Anisotropic superconductivity and unusually robust electronic critical field in single crystal La₇Ir₃

Unconventional superconductivity remains one of the most interesting problems in condensed matter physics. For all superconductors, the topology of the electronic band structure, along with the underlying crystal structure, play vital roles in determining the superconducting properties of the material. Systems lacking a centre of inversion exhibit a nonuniform lattice potential, giving rise to a Rashba-type antisymmetric spin-orbit coupling which allows for an admixture of singlet and triplet pairs.

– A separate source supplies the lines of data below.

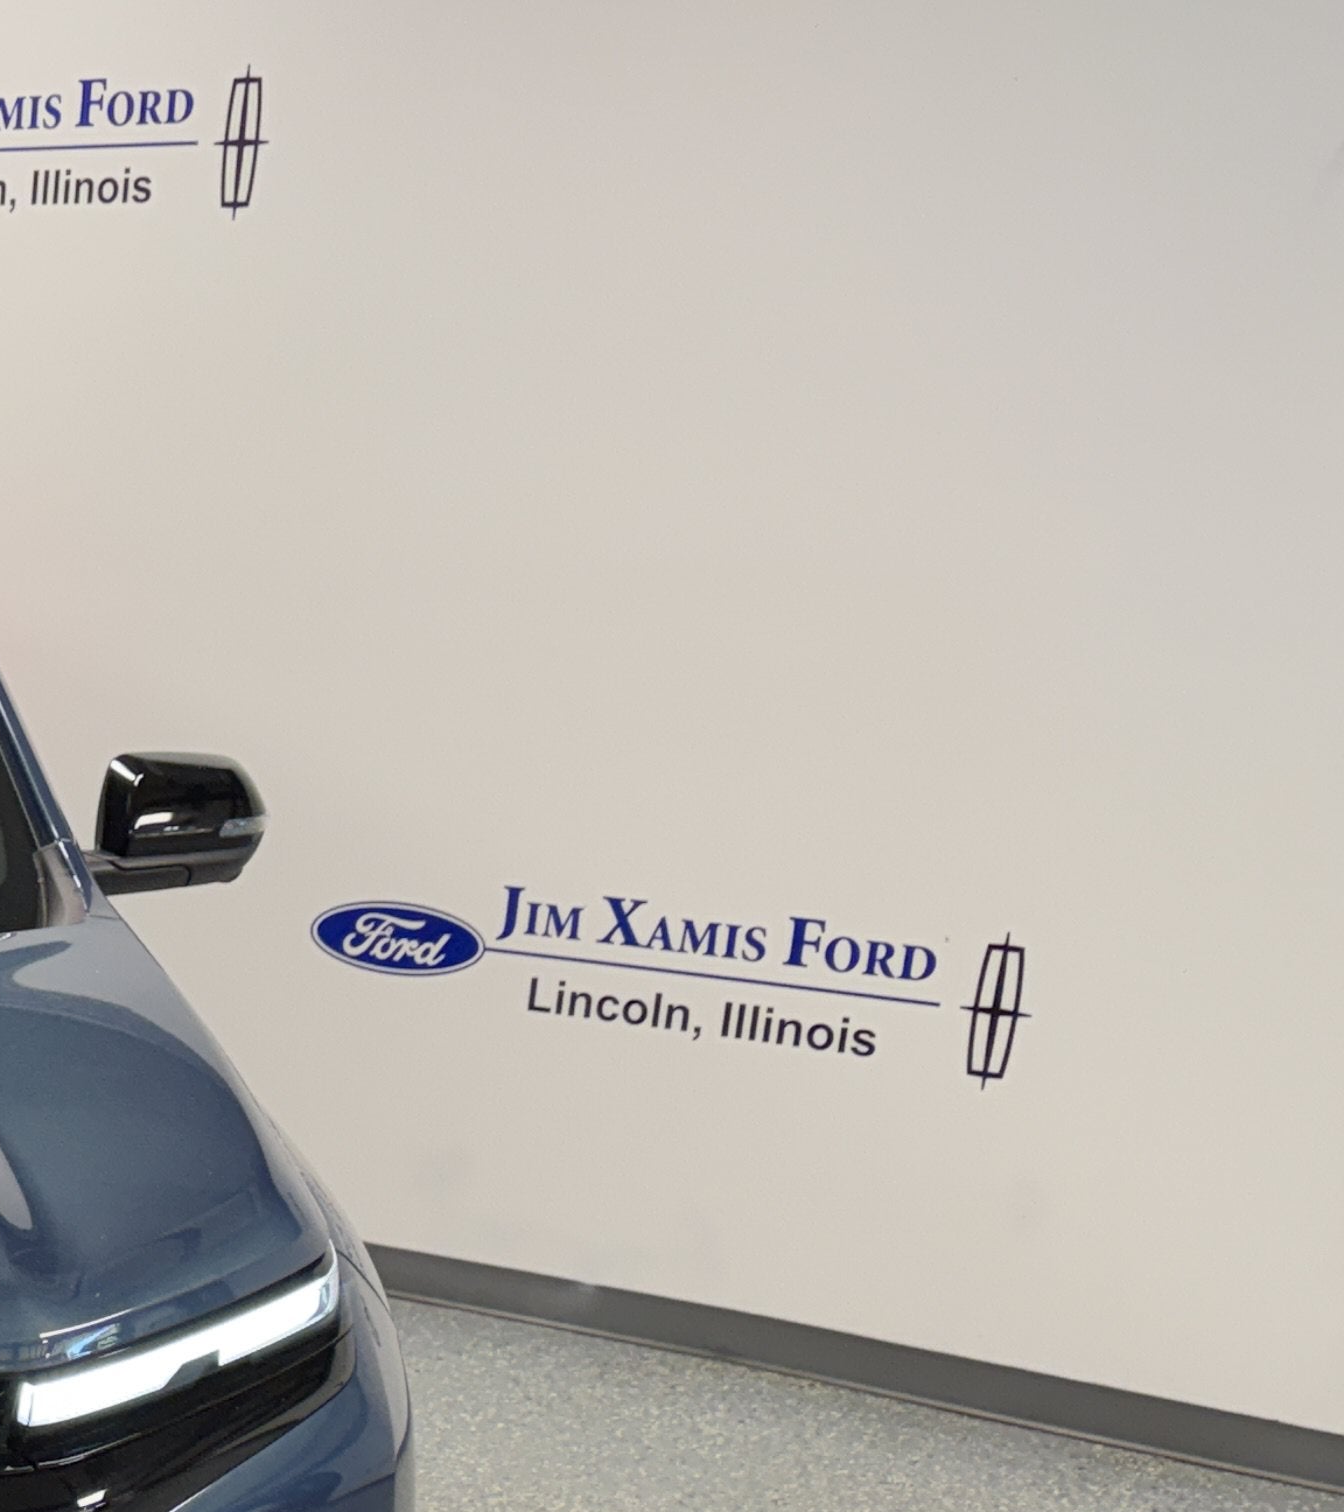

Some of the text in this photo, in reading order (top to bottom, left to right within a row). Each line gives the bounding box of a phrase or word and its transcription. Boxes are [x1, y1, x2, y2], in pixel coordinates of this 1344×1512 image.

[75, 78, 195, 129] FORD
[30, 167, 152, 206] Illinois
[341, 911, 448, 967] Ford
[496, 885, 938, 982] JIM XAMIS FORD
[526, 976, 878, 1057] Lincoln, Illinois

This may give rise to exotic superconducting band structures, time-reversal symmetry breaking and magnetoelectric effects such as upper critical fields that exceed the Pauli limit. The discovery of time-reversal symmetry breaking in the hexagonal noncentrosymmetric superconductor La₇Ir₃ [1] provided a large family of materials that may host exotic superconducting behaviours. Here we present our recent success in synthesising high-quality single crystals of La₇Ir₃ [2]. We also present experimental data on the unusually robust upper critical field as determined from electrical resistivity measurements in single crystals of La₇Ir₃.

[1] J. A. T. Barker et al., Phys. Rev. Lett. 115, 267001 (2015).

[2] D. A. Mayoh et al. Submitted (2021).